Monday, 8 April 2013

Old pop stars don't retire, they go digital

The first generation to have grown up listening to pop music is getting on now, so it's no surprise pop stars are also entering old age. On 8 January, his 66th birthday, David Bowie announced his first album for more than a decade, The Next Day - released last month. Its first single, Where Are We Now?, sounds deliberately frail, which many critics linked to Bowie's heart surgery in 2004, and references to Berlin sites from the Low heydays add to its poignancy.

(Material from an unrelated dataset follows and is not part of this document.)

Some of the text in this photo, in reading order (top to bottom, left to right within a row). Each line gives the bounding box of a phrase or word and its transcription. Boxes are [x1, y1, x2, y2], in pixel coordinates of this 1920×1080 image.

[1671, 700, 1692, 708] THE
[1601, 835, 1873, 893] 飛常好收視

If anything, the rest of the album bristles with the vigour of late-'80s outing Tin Machine, and a similar vitality can be found on Delta Machine - the 13th studio album in 33 years from Depeche Mode, whose band members' average age is 51. Pet Shop Boys - Neil Tennant (58) and Chris Lowe (53) - have revealed they'll be releasing their 12th studio album, Electric, in June. And French pop icon Etienne Daho, 57, has just announced new work and a series of concerts in Paris for next February.

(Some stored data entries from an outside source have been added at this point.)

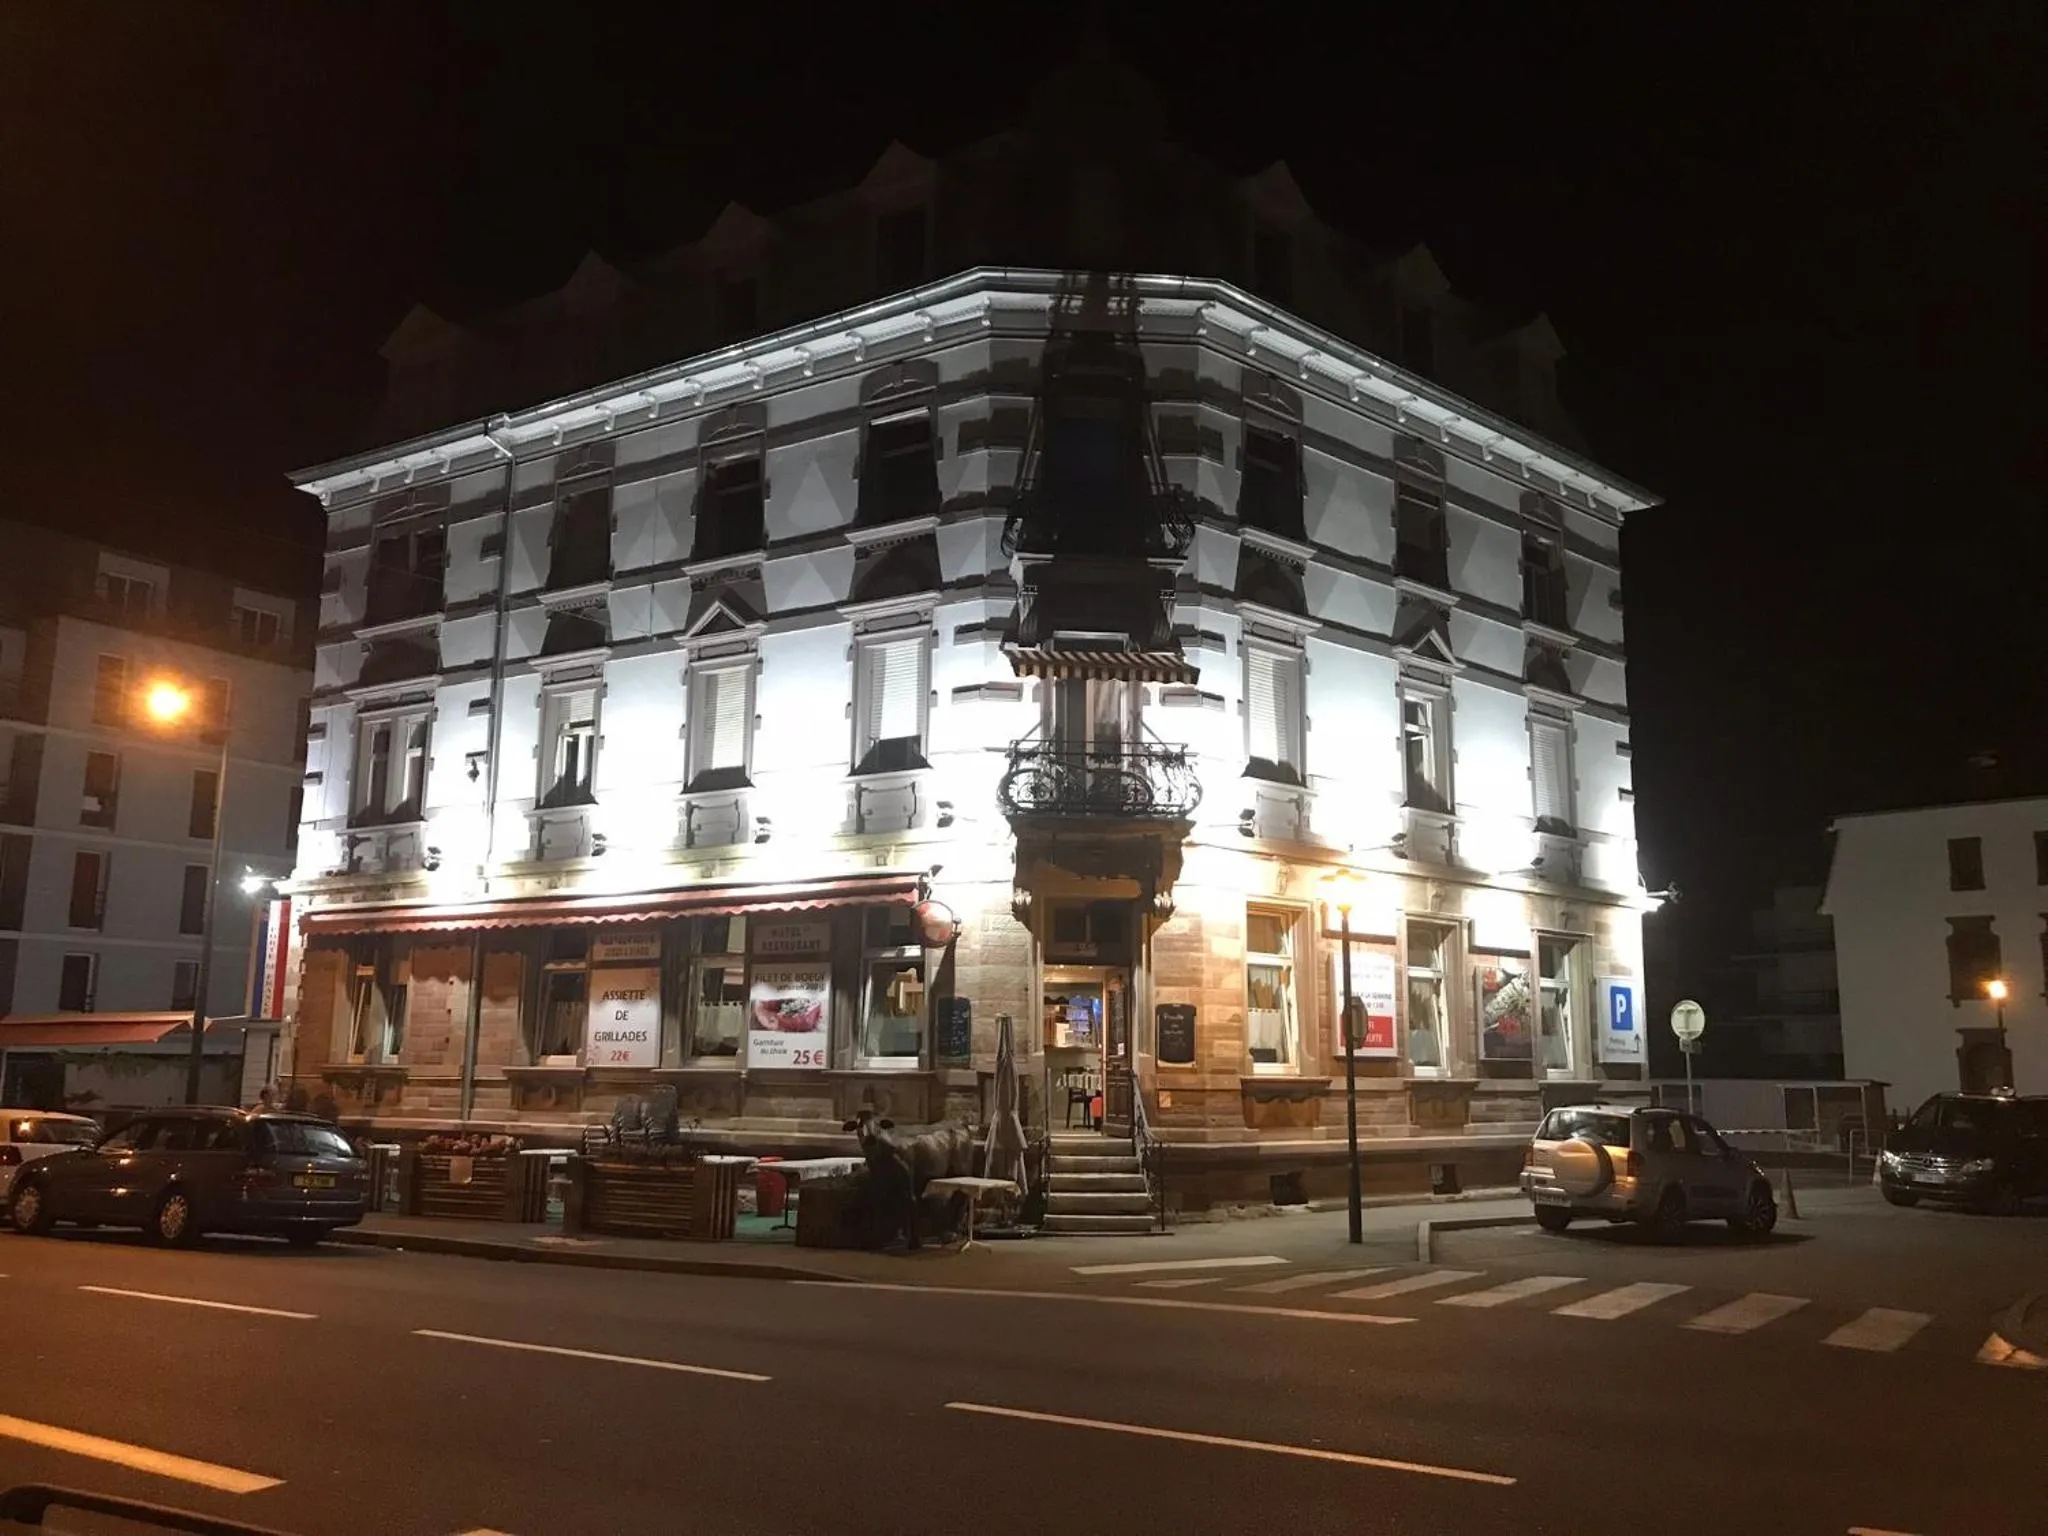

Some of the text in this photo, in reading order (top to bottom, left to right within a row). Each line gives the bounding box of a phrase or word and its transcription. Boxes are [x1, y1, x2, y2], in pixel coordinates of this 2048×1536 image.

[780, 972, 793, 982] DE
[603, 989, 647, 1000] ASSIETTE
[1615, 993, 1627, 1024] P
[615, 1010, 630, 1021] DE
[594, 1030, 648, 1042] GRILLADES
[611, 1050, 632, 1061] 22€

Unlike the visual arts or writing, pop music is not known for creative longevity - it is traditionally a youngster's game, though pop musicians may go onto innovate in other fields: David Byrne has worked in film and theatre for more than 30 years; Pet Shop Boys premiered ballet The Most Incredible Thing in 2011 and scored Sergei Eisenstein's Battleship Potemkin back in 2004; Patti Smith is noted as a writer and photographer, now.

While older artists may sound stupid aping new genres (Paul McCartney's the Fireman, anyone?), musicians like Bowie and Radiohead have been quick to grasp the opportunities afforded by new technologies - notably digital release - which may go some way to explaining their current, prolific output. Secure of their fan base, Pet Shop Boys will release Electric through Kobalt Label Services - which released Nick Cave and the Bad Seeds' Push the Sky Away in February - barely nine months after their last, Elysium.

In the concert arena, however, women lead the way, as evidenced by Blondie, Joan Jett and Laurie Anderson - or take this year's Meltdown on the South Bank (14-23 June), tickets for which go on sale this week. The 80-year-old Yoko Ono has selected Siouxsie, Marianne Faithfull and Patti Smith among her line-up. Who said girl power's dead?